= Task brief =
Every entry, from first to last, must be written out exactly.

= Data for this exercise =
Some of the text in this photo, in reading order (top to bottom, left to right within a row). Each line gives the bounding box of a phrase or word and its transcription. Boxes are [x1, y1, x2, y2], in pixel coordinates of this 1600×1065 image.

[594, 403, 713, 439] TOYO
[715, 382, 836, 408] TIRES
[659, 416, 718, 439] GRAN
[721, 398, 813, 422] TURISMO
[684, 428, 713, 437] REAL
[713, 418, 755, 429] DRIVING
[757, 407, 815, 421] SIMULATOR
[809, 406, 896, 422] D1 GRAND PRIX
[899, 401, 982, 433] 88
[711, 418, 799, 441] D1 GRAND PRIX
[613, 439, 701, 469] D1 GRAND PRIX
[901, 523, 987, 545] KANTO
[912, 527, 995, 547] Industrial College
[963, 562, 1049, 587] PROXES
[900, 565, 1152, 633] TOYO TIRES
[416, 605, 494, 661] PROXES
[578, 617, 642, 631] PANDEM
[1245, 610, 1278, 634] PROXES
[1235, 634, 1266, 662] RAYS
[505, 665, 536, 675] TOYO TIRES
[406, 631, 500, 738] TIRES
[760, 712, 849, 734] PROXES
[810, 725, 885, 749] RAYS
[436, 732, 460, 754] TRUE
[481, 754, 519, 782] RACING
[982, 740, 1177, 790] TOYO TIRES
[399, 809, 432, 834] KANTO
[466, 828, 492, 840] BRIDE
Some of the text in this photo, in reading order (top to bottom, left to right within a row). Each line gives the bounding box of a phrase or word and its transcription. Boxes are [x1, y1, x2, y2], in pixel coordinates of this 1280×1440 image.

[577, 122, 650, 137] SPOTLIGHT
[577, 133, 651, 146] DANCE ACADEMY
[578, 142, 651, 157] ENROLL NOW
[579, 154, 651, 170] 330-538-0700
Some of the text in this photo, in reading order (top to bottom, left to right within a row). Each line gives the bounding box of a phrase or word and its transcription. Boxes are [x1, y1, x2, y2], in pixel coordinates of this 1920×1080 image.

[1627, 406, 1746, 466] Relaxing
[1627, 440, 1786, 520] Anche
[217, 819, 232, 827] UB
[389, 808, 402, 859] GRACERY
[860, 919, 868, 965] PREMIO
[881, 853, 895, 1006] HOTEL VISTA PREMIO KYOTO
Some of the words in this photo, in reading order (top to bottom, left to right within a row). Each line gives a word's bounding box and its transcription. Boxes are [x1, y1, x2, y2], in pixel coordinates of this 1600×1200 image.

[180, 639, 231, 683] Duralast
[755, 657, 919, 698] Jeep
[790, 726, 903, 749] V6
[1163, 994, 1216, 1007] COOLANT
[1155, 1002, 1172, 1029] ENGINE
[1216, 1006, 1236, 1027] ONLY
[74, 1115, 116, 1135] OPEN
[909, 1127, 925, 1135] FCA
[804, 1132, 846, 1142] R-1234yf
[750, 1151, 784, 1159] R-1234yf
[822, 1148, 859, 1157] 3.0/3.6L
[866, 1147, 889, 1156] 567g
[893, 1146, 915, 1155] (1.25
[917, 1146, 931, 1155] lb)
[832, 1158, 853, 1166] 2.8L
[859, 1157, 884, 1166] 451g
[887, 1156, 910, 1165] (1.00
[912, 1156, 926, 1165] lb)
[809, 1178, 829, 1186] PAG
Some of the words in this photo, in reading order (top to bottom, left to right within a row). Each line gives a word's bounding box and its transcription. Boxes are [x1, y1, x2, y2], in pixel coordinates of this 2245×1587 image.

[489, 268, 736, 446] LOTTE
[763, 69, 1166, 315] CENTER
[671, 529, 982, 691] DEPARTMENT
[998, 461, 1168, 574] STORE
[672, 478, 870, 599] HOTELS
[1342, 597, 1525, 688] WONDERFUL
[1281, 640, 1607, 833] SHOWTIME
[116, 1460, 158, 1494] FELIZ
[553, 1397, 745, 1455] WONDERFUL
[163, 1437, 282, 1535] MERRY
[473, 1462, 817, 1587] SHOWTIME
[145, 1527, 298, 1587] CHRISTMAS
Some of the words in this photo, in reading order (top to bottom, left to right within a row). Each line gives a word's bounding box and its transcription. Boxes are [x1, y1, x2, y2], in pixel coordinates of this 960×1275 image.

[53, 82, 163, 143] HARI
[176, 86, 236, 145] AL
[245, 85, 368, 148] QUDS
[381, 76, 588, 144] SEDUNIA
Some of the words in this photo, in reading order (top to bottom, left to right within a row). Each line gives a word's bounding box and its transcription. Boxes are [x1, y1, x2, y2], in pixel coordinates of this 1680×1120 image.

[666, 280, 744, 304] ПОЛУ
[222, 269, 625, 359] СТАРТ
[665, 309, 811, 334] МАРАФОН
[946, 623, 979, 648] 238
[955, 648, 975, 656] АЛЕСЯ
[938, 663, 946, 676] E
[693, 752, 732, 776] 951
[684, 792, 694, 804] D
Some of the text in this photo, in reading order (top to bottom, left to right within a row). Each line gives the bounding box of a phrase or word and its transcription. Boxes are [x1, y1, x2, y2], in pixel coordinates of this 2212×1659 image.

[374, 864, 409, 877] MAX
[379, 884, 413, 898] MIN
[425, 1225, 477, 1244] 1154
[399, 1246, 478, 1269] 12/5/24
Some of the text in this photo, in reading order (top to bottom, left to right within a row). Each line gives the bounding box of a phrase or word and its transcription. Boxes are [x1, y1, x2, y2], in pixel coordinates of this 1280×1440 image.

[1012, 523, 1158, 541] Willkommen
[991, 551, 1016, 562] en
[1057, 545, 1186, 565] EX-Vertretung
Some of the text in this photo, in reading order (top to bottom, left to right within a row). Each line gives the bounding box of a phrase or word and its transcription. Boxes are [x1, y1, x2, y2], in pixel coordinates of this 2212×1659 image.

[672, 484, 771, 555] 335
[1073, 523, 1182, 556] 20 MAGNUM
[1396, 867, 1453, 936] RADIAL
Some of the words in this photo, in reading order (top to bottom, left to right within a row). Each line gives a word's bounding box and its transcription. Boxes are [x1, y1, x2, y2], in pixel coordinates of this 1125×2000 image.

= Result of the task =
Some of the text in this photo, in reading order (top to bottom, left to right within a row). Each line gives the bounding box of a phrase or word and its transcription. Boxes are [x1, y1, x2, y2], in pixel coordinates of this 1600×1065 image.

[594, 403, 713, 439] TOYO
[715, 382, 836, 408] TIRES
[659, 416, 718, 439] GRAN
[721, 398, 813, 422] TURISMO
[684, 428, 713, 437] REAL
[713, 418, 755, 429] DRIVING
[757, 407, 815, 421] SIMULATOR
[809, 406, 896, 422] D1 GRAND PRIX
[899, 401, 982, 433] 88
[711, 418, 799, 441] D1 GRAND PRIX
[613, 439, 701, 469] D1 GRAND PRIX
[901, 523, 987, 545] KANTO
[912, 527, 995, 547] Industrial College
[963, 562, 1049, 587] PROXES
[900, 565, 1152, 633] TOYO TIRES
[416, 605, 494, 661] PROXES
[578, 617, 642, 631] PANDEM
[1245, 610, 1278, 634] PROXES
[1235, 634, 1266, 662] RAYS
[505, 665, 536, 675] TOYO TIRES
[406, 631, 500, 738] TIRES
[760, 712, 849, 734] PROXES
[810, 725, 885, 749] RAYS
[436, 732, 460, 754] TRUE
[481, 754, 519, 782] RACING
[982, 740, 1177, 790] TOYO TIRES
[399, 809, 432, 834] KANTO
[466, 828, 492, 840] BRIDE
Some of the text in this photo, in reading order (top to bottom, left to right within a row). Each line gives the bounding box of a phrase or word and its transcription. Boxes are [x1, y1, x2, y2], in pixel coordinates of this 1280×1440 image.

[577, 122, 650, 137] SPOTLIGHT
[577, 133, 651, 146] DANCE ACADEMY
[578, 142, 651, 157] ENROLL NOW
[579, 154, 651, 170] 330-538-0700
Some of the text in this photo, in reading order (top to bottom, left to right within a row). Each line gives the bounding box of a phrase or word and its transcription. Boxes are [x1, y1, x2, y2], in pixel coordinates of this 1920×1080 image.

[1627, 406, 1746, 466] Relaxing
[1627, 440, 1786, 520] Anche
[217, 819, 232, 827] UB
[389, 808, 402, 859] GRACERY
[860, 919, 868, 965] PREMIO
[881, 853, 895, 1006] HOTEL VISTA PREMIO KYOTO
Some of the words in this photo, in reading order (top to bottom, left to right within a row). Each line gives a word's bounding box and its transcription. Boxes are [x1, y1, x2, y2], in pixel coordinates of this 1600×1200 image.

[180, 639, 231, 683] Duralast
[755, 657, 919, 698] Jeep
[790, 726, 903, 749] V6
[1163, 994, 1216, 1007] COOLANT
[1155, 1002, 1172, 1029] ENGINE
[1216, 1006, 1236, 1027] ONLY
[74, 1115, 116, 1135] OPEN
[909, 1127, 925, 1135] FCA
[804, 1132, 846, 1142] R-1234yf
[750, 1151, 784, 1159] R-1234yf
[822, 1148, 859, 1157] 3.0/3.6L
[866, 1147, 889, 1156] 567g
[893, 1146, 915, 1155] (1.25
[917, 1146, 931, 1155] lb)
[832, 1158, 853, 1166] 2.8L
[859, 1157, 884, 1166] 451g
[887, 1156, 910, 1165] (1.00
[912, 1156, 926, 1165] lb)
[809, 1178, 829, 1186] PAG
Some of the words in this photo, in reading order (top to bottom, left to right within a row). Each line gives a word's bounding box and its transcription. Boxes are [x1, y1, x2, y2], in pixel coordinates of this 2245×1587 image.

[489, 268, 736, 446] LOTTE
[763, 69, 1166, 315] CENTER
[671, 529, 982, 691] DEPARTMENT
[998, 461, 1168, 574] STORE
[672, 478, 870, 599] HOTELS
[1342, 597, 1525, 688] WONDERFUL
[1281, 640, 1607, 833] SHOWTIME
[116, 1460, 158, 1494] FELIZ
[553, 1397, 745, 1455] WONDERFUL
[163, 1437, 282, 1535] MERRY
[473, 1462, 817, 1587] SHOWTIME
[145, 1527, 298, 1587] CHRISTMAS
Some of the words in this photo, in reading order (top to bottom, left to right within a row). Each line gives a word's bounding box and its transcription. Boxes are [x1, y1, x2, y2], in pixel coordinates of this 960×1275 image.

[53, 82, 163, 143] HARI
[176, 86, 236, 145] AL
[245, 85, 368, 148] QUDS
[381, 76, 588, 144] SEDUNIA
Some of the words in this photo, in reading order (top to bottom, left to right within a row). Each line gives a word's bounding box and its transcription. Boxes are [x1, y1, x2, y2], in pixel coordinates of this 1680×1120 image.

[666, 280, 744, 304] ПОЛУ
[222, 269, 625, 359] СТАРТ
[665, 309, 811, 334] МАРАФОН
[946, 623, 979, 648] 238
[955, 648, 975, 656] АЛЕСЯ
[938, 663, 946, 676] E
[693, 752, 732, 776] 951
[684, 792, 694, 804] D
Some of the text in this photo, in reading order (top to bottom, left to right within a row). Each line gives the bounding box of a phrase or word and its transcription. Boxes are [x1, y1, x2, y2], in pixel coordinates of this 2212×1659 image.

[374, 864, 409, 877] MAX
[379, 884, 413, 898] MIN
[425, 1225, 477, 1244] 1154
[399, 1246, 478, 1269] 12/5/24
Some of the text in this photo, in reading order (top to bottom, left to right within a row). Each line gives the bounding box of a phrase or word and its transcription. Boxes are [x1, y1, x2, y2], in pixel coordinates of this 1280×1440 image.

[1012, 523, 1158, 541] Willkommen
[991, 551, 1016, 562] en
[1057, 545, 1186, 565] EX-Vertretung
Some of the text in this photo, in reading order (top to bottom, left to right within a row). Each line gives the bounding box of a phrase or word and its transcription. Boxes are [x1, y1, x2, y2], in pixel coordinates of this 2212×1659 image.

[672, 484, 771, 555] 335
[1073, 523, 1182, 556] 20 MAGNUM
[1396, 867, 1453, 936] RADIAL
Some of the words in this photo, in reading order (top to bottom, left to right within a row). Each line gives a word's bounding box and its transcription. Boxes are [x1, y1, x2, y2], in pixel coordinates of this 1125×2000 image.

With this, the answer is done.